CTG remains the basic method in STAN monitoring. Early research on the changes in fetal heart rate that occur during breech delivery has highlighted the frequent occurrence of variable and/or late decelerations being the result of repetitive cord compression, and their significance for neonatal outcome.[29] Decreased variability was present in eight of 42 cases (19%), and all but two had a 1-minute Apgar score of <5 or the need for respiratory support.[40] In contrast, there are no published data on the prevalence of preterminal CTG relative to fetal presentation. The present study found that a preterminal CTG as a primary indicator of hypoxia was more common in breech than in cephalic presentations. The prevalence of preterminal CTG in breech presentations (3%; 95% CI = 1.8–5.1) did not differ significantly from those reported for fetuses of mothers with diabetes mellitus (8.6%; 95% CI = 4.0–17.5) or gestational diabetes (1.0%; 95% CI = 0.3–2.8).[41] The progression of CTG abnormalities to a preterminal pattern without concomitant ST changes has been found in pregnancies complicated by diabetes mellitus,[41] intrapartum sepsis,[42] and in breech presentation (in the present study). This deserves further investigation.

In line with previous research,[43, 44] we found that breech presentation was associated with acidaemia, hypercapnia and hypoxaemia, with the differences being more prominent in the umbilical artery than in the vein. Another study found that cord acid–base levels at delivery did not vary with the type of fetal presentation.[45]

Although respiratory acidosis is usually well tolerated by the fetus, cord metabolic acidosis is associated with significant neonatal short-term morbidity.[46] Thus, it is reassuring that the frequency of neonates with BDecf > 12 mmol/l was more than 60% lower in the present study than in the TBT.[1] Furthermore, the increased frequency of cord acidosis in breech presentation was not paralleled by an increase in NICU transfer or NE.

Despite no indication of hypoxia during labour and the absence of acidosis at delivery, one neonate died after a vaginal breech delivery.
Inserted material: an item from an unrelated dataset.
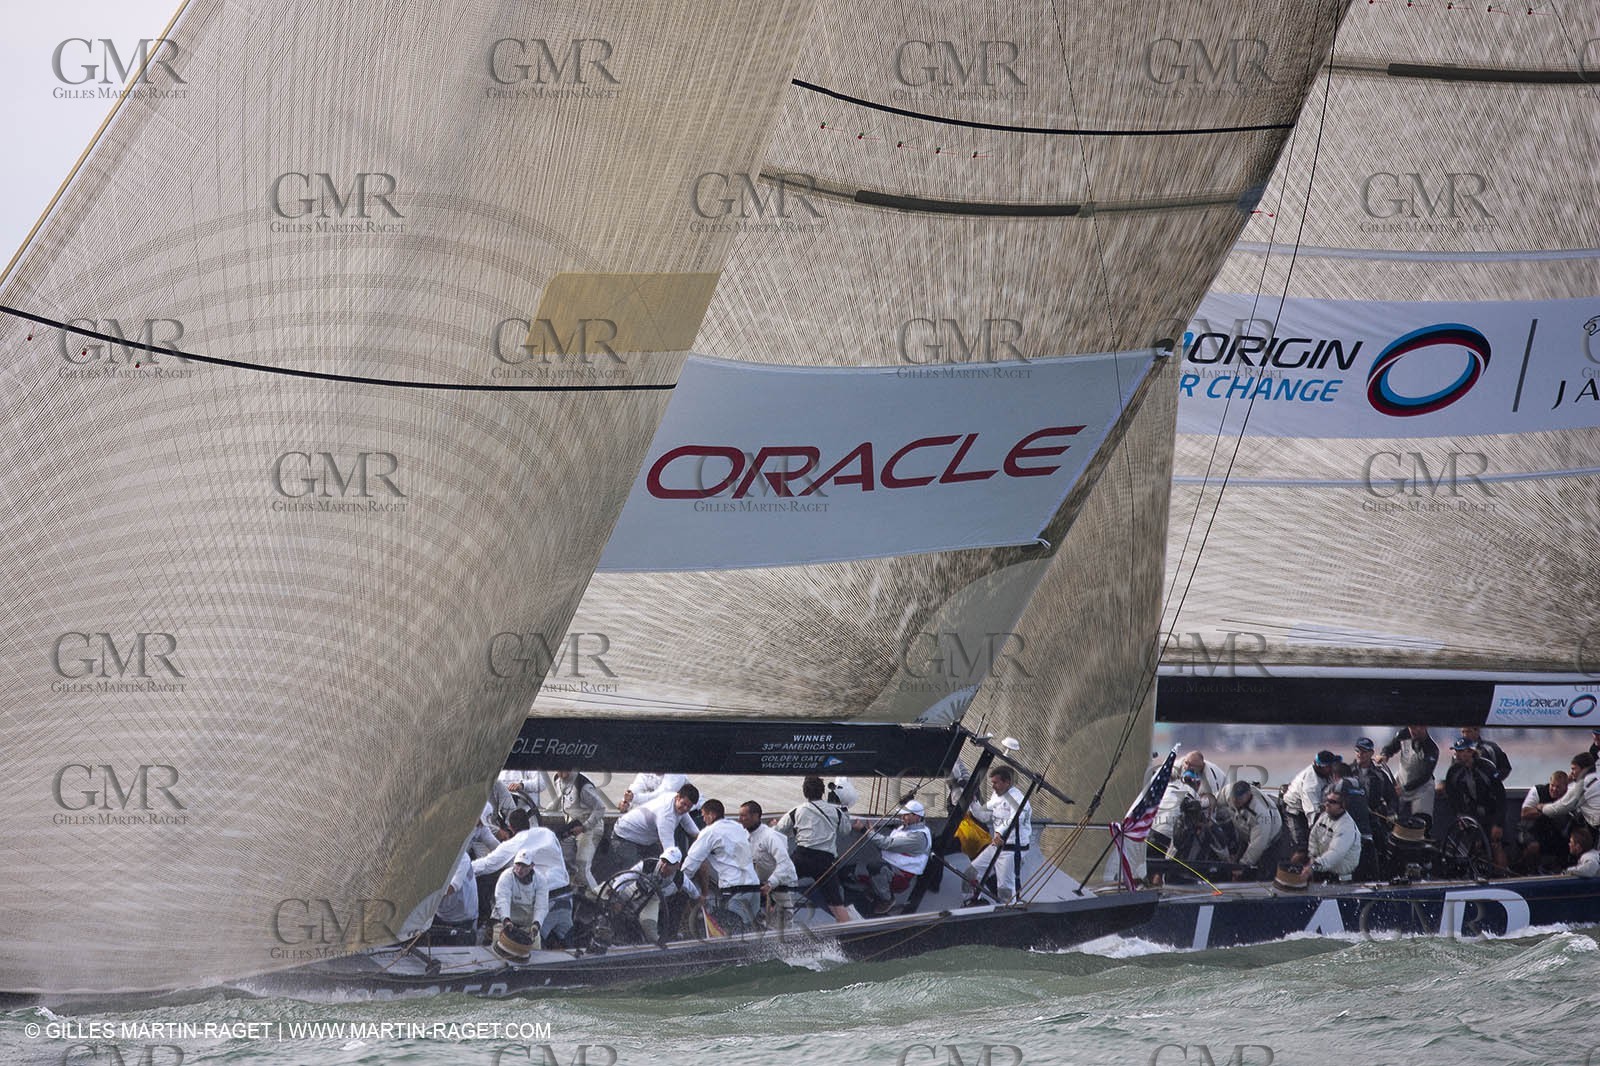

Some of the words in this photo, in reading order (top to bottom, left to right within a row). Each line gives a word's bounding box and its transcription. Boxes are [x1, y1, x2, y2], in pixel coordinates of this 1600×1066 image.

[1207, 375, 1343, 402] CHANGE
[646, 424, 1088, 499] ORACLE
[1500, 698, 1568, 707] TEAMORIGIN
[546, 738, 599, 758] Racing
Prenatal brain damage could have influenced the ability of that fetus to tolerate peripartum asphyxia. Delayed intervention was present in one-third of cases with moderate or severe NE, which is in line with previous findings in a high-risk population.[17]


STAN monitoring is technically feasible during vaginal breech delivery, with an acceptable neonatal outcome. The differential pattern of ST interval changes in breech presentation may prompt a further refinement of clinical guidelines on STAN monitoring.

Disclosure of interests

JK received a lecture fee from Neoventa Medical, Mølndal, Sweden on one occasion. SA and DM do not have any conflicts of interest.

Contribution to authorship

JK collected and analysed the data, and wrote the manuscript. SA collected data and revised the manuscript. DM evaluated the medical records of neonates transferred to the NICU and revised the manuscript.

Details of ethics approval

The study protocol was assessed by the regional ethics committee (REK Vest, 129.08) and defined as a project of quality improvement which, according to Norwegian law on medical research, does not require written patient consent for their involvement.


JK was supported by the Western Norway Regional Health Authority.


We thank Berit Aldahl, Ingrid Borthen, Eirin Butt, Thomas Hahn, Ferenc Macsali, Grete Midbøe and Elisabeth Wik for their support in data collection.